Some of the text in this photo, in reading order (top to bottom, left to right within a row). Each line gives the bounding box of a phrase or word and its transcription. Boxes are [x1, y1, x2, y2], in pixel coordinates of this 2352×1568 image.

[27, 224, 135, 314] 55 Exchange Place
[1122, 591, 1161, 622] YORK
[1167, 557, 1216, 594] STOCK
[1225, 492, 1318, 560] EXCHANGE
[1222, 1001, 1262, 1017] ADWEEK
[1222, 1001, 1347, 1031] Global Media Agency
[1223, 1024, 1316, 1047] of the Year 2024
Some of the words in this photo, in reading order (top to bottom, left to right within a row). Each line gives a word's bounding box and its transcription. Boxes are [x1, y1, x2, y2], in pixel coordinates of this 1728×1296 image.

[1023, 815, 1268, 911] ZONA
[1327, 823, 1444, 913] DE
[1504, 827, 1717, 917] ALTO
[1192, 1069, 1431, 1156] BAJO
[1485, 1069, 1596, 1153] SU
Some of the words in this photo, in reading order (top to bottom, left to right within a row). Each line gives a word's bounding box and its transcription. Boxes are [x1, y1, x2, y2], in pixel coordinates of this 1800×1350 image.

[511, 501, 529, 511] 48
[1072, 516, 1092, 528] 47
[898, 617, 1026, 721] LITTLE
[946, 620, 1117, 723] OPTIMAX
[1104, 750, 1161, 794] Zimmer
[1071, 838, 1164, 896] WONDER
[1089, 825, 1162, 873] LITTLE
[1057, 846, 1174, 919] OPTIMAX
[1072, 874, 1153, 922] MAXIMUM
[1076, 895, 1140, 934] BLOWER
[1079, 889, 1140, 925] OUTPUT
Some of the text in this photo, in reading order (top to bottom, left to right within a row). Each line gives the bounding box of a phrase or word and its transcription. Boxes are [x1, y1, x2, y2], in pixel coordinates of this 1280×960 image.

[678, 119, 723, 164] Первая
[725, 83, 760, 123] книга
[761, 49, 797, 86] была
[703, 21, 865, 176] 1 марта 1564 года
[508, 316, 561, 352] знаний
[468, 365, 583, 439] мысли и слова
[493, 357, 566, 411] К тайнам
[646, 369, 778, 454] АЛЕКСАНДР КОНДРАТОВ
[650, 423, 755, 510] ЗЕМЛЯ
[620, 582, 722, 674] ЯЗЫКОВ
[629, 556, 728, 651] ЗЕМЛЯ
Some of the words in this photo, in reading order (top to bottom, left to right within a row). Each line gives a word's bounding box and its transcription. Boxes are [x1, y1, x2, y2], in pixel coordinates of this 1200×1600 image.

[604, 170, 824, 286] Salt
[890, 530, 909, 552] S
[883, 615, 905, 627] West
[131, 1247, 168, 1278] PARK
□ □ □ □ □
The whole listing above needs to be reproduced exactly.

**Result:**
Some of the text in this photo, in reading order (top to bottom, left to right within a row). Each line gives the bounding box of a phrase or word and its transcription. Boxes are [x1, y1, x2, y2], in pixel coordinates of this 2352×1568 image.

[27, 224, 135, 314] 55 Exchange Place
[1122, 591, 1161, 622] YORK
[1167, 557, 1216, 594] STOCK
[1225, 492, 1318, 560] EXCHANGE
[1222, 1001, 1262, 1017] ADWEEK
[1222, 1001, 1347, 1031] Global Media Agency
[1223, 1024, 1316, 1047] of the Year 2024
Some of the words in this photo, in reading order (top to bottom, left to right within a row). Each line gives a word's bounding box and its transcription. Boxes are [x1, y1, x2, y2], in pixel coordinates of this 1728×1296 image.

[1023, 815, 1268, 911] ZONA
[1327, 823, 1444, 913] DE
[1504, 827, 1717, 917] ALTO
[1192, 1069, 1431, 1156] BAJO
[1485, 1069, 1596, 1153] SU
Some of the words in this photo, in reading order (top to bottom, left to right within a row). Each line gives a word's bounding box and its transcription. Boxes are [x1, y1, x2, y2], in pixel coordinates of this 1800×1350 image.

[511, 501, 529, 511] 48
[1072, 516, 1092, 528] 47
[898, 617, 1026, 721] LITTLE
[946, 620, 1117, 723] OPTIMAX
[1104, 750, 1161, 794] Zimmer
[1071, 838, 1164, 896] WONDER
[1089, 825, 1162, 873] LITTLE
[1057, 846, 1174, 919] OPTIMAX
[1072, 874, 1153, 922] MAXIMUM
[1076, 895, 1140, 934] BLOWER
[1079, 889, 1140, 925] OUTPUT
Some of the text in this photo, in reading order (top to bottom, left to right within a row). Each line gives the bounding box of a phrase or word and its transcription. Boxes are [x1, y1, x2, y2], in pixel coordinates of this 1280×960 image.

[678, 119, 723, 164] Первая
[725, 83, 760, 123] книга
[761, 49, 797, 86] была
[703, 21, 865, 176] 1 марта 1564 года
[508, 316, 561, 352] знаний
[468, 365, 583, 439] мысли и слова
[493, 357, 566, 411] К тайнам
[646, 369, 778, 454] АЛЕКСАНДР КОНДРАТОВ
[650, 423, 755, 510] ЗЕМЛЯ
[620, 582, 722, 674] ЯЗЫКОВ
[629, 556, 728, 651] ЗЕМЛЯ
Some of the words in this photo, in reading order (top to bottom, left to right within a row). Each line gives a word's bounding box and its transcription. Boxes are [x1, y1, x2, y2], in pixel coordinates of this 1200×1600 image.

[604, 170, 824, 286] Salt
[890, 530, 909, 552] S
[883, 615, 905, 627] West
[131, 1247, 168, 1278] PARK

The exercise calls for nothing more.